Poster Session 3, Wednesday, October 5, 16:00–18:00
Remote sensing estimation of sea surface temperature and salinity from hyperspectral ground radiometry and multispectral satellite ocean colour imagery
Sea surface salinity (SSS) and sea surface temperature (SST) are important measures of ocean health. Temperature and salinity can be linked to ecosystem productivity, such as acidification or eutrophication and help to stratify different marine zones. Salinity can also be used as a measure of land influence in the ocean. Satellite-derived ocean colour provides the opportunity to process data at a higher temporal and spatial resolution than in-situ monitoring, with its pointwise spatial data limitation, or that of microwave remote sensing, ocean colour satellites having pixel resolution on the 10s to 100s metres scale compared to microwave scales in the range of kilometres. The method proposed in this research uses temporally and spatially matched water data of SSS and SST in Patagonia, with hyperspectral radiance. First, ground level hyperspectral values are used to train a linear regression model. The model is then able to learn the relationship between the spectral input and SSS/SST values and accurately estimates SSS and SST in test regions using just the spectral signature as input.
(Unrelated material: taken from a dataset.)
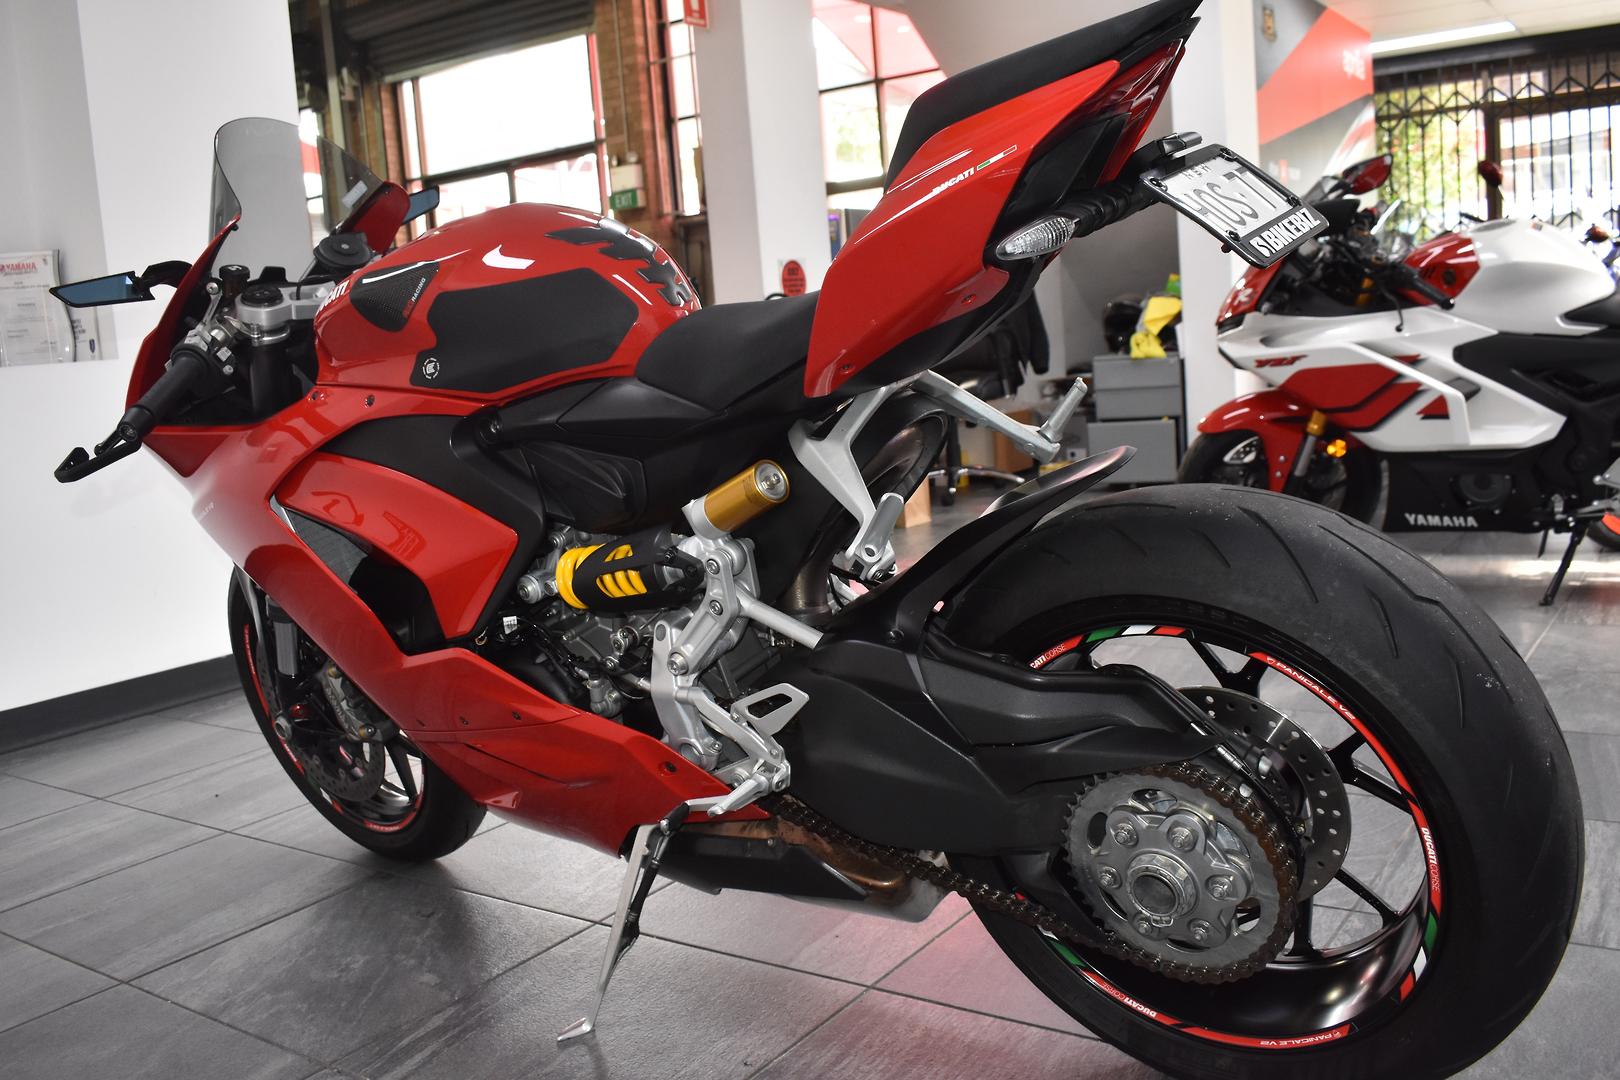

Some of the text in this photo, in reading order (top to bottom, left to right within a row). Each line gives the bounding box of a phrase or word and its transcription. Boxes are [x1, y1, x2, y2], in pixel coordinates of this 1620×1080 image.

Then, neural network algorithms are trained to be able to learn more complex relationships and predict values in different optical water types. This relationship between sea surface properties and spectral signatures is then tested with multispectral satellite images matched with in-situ data in case study locations. The model is able to estimate salinity and temperature to within 1PSU and 1 degree centigrade respectively.
Encarni Medina-Lopez, Edinburgh University, [email protected]
Tiago Silva, Cefas, [email protected]
Evangelos Spyrakos, Stirling University, [email protected]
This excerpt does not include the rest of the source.